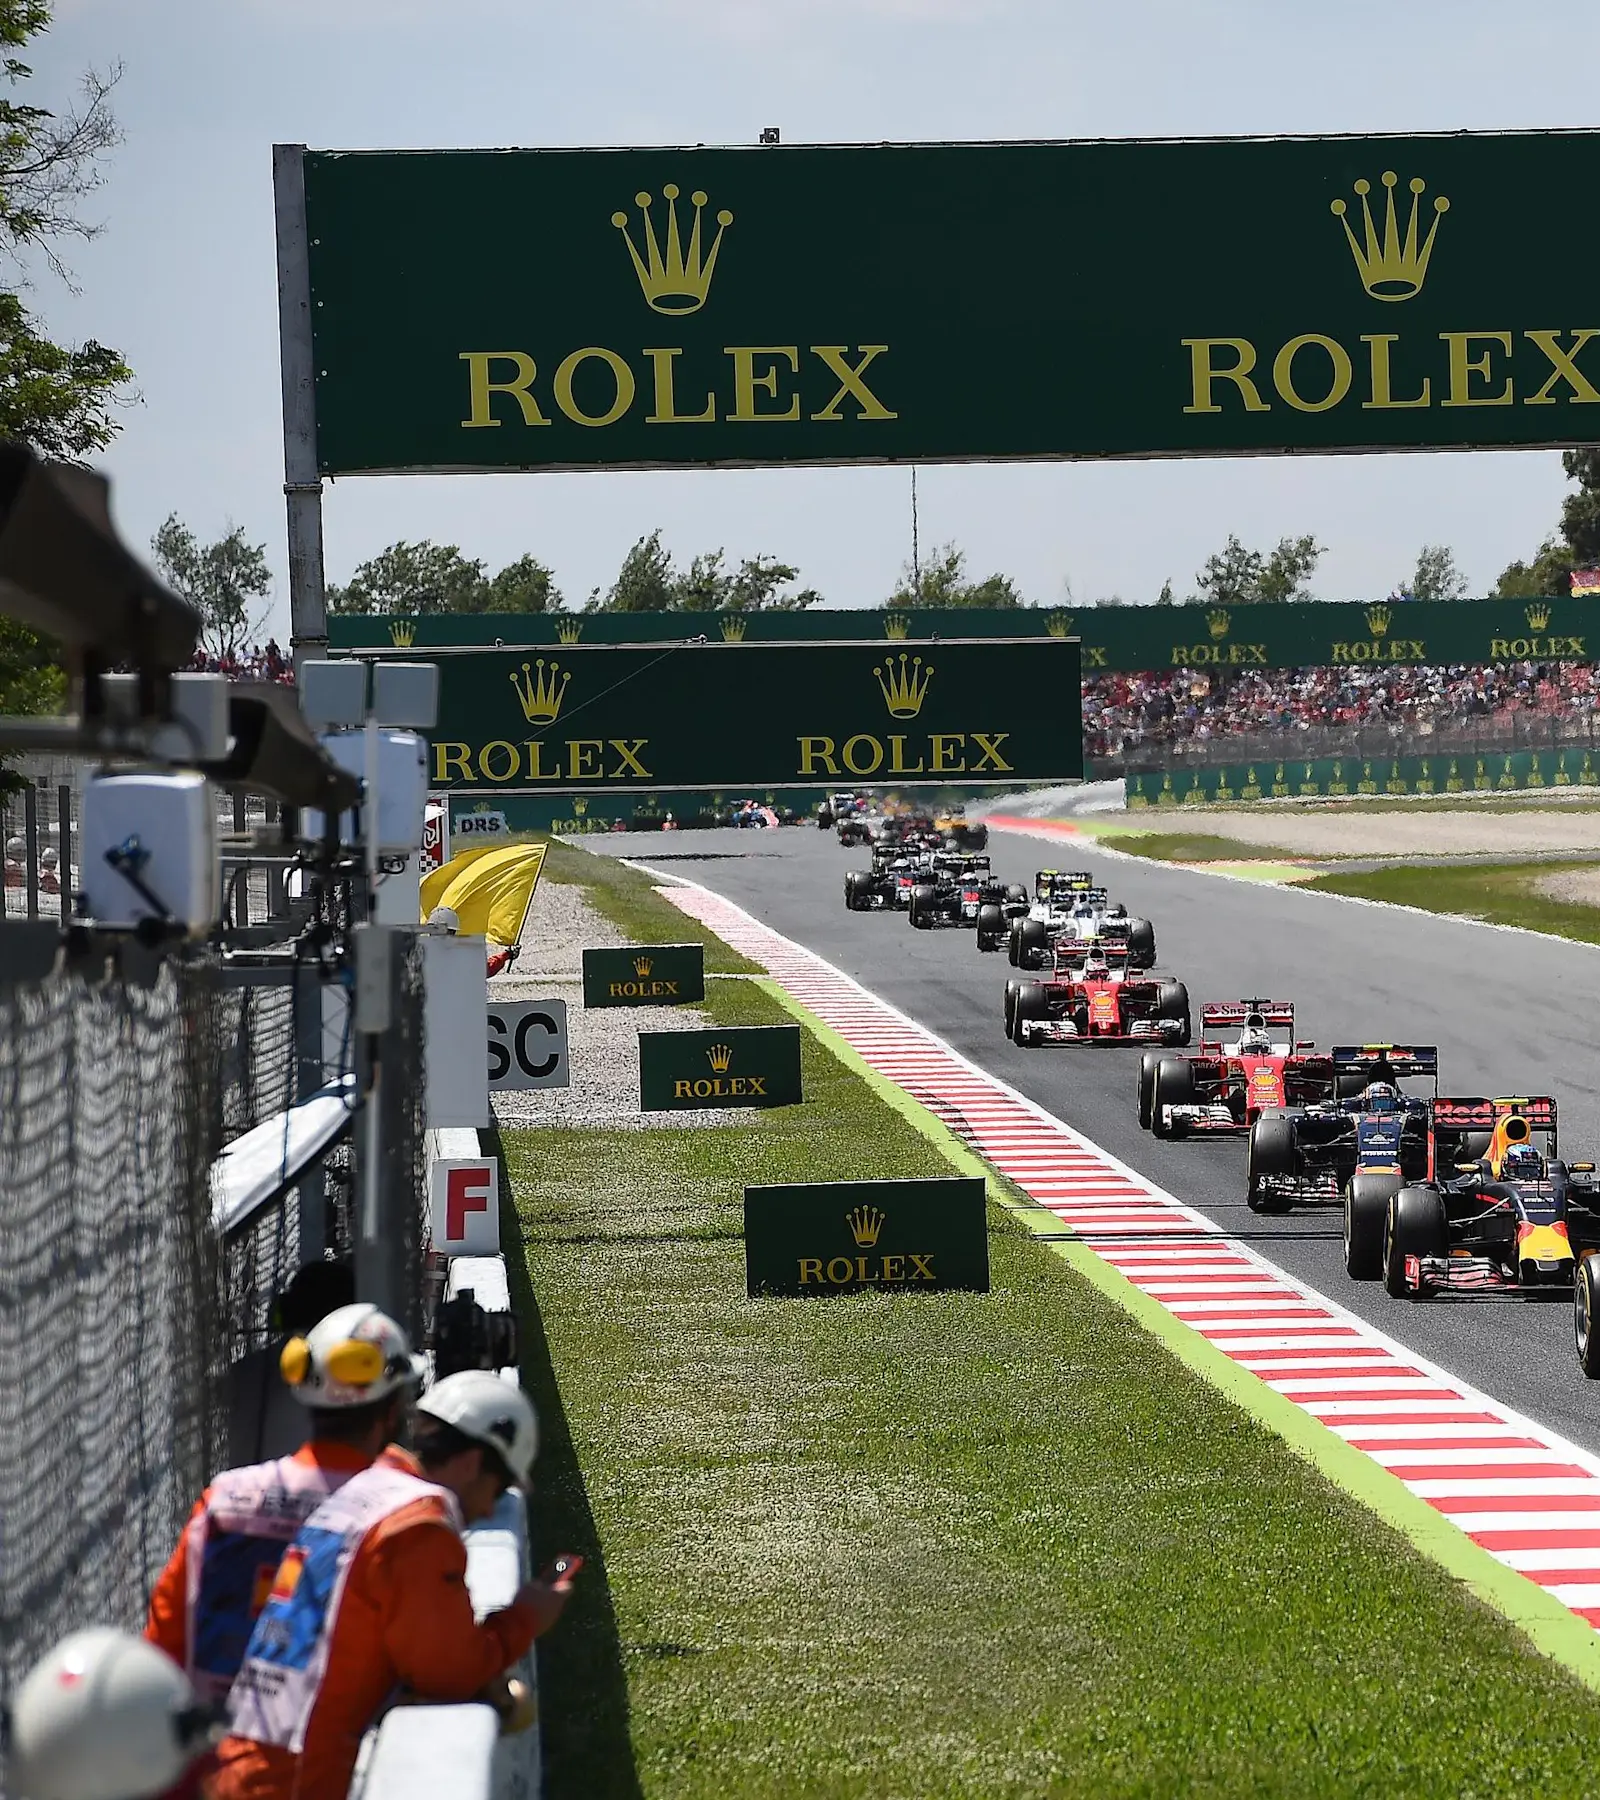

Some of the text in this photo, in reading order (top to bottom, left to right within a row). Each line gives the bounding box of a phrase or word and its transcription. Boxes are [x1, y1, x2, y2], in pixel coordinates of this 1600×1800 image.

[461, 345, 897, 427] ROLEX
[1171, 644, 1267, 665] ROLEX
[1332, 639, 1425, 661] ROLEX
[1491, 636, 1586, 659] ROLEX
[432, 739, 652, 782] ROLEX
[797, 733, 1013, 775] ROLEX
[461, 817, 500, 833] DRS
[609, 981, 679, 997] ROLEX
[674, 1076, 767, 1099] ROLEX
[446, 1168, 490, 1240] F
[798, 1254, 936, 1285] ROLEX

**Your assignment:**
Print the material precisely as given, dropping any images it holds.

**Solution to this task:**
Some of the text in this photo, in reading order (top to bottom, left to right within a row). Each line gives the bounding box of a phrase or word and its transcription. Boxes are [x1, y1, x2, y2], in pixel coordinates of this 1600×1800 image.

[461, 345, 897, 427] ROLEX
[1171, 644, 1267, 665] ROLEX
[1332, 639, 1425, 661] ROLEX
[1491, 636, 1586, 659] ROLEX
[432, 739, 652, 782] ROLEX
[797, 733, 1013, 775] ROLEX
[461, 817, 500, 833] DRS
[609, 981, 679, 997] ROLEX
[674, 1076, 767, 1099] ROLEX
[446, 1168, 490, 1240] F
[798, 1254, 936, 1285] ROLEX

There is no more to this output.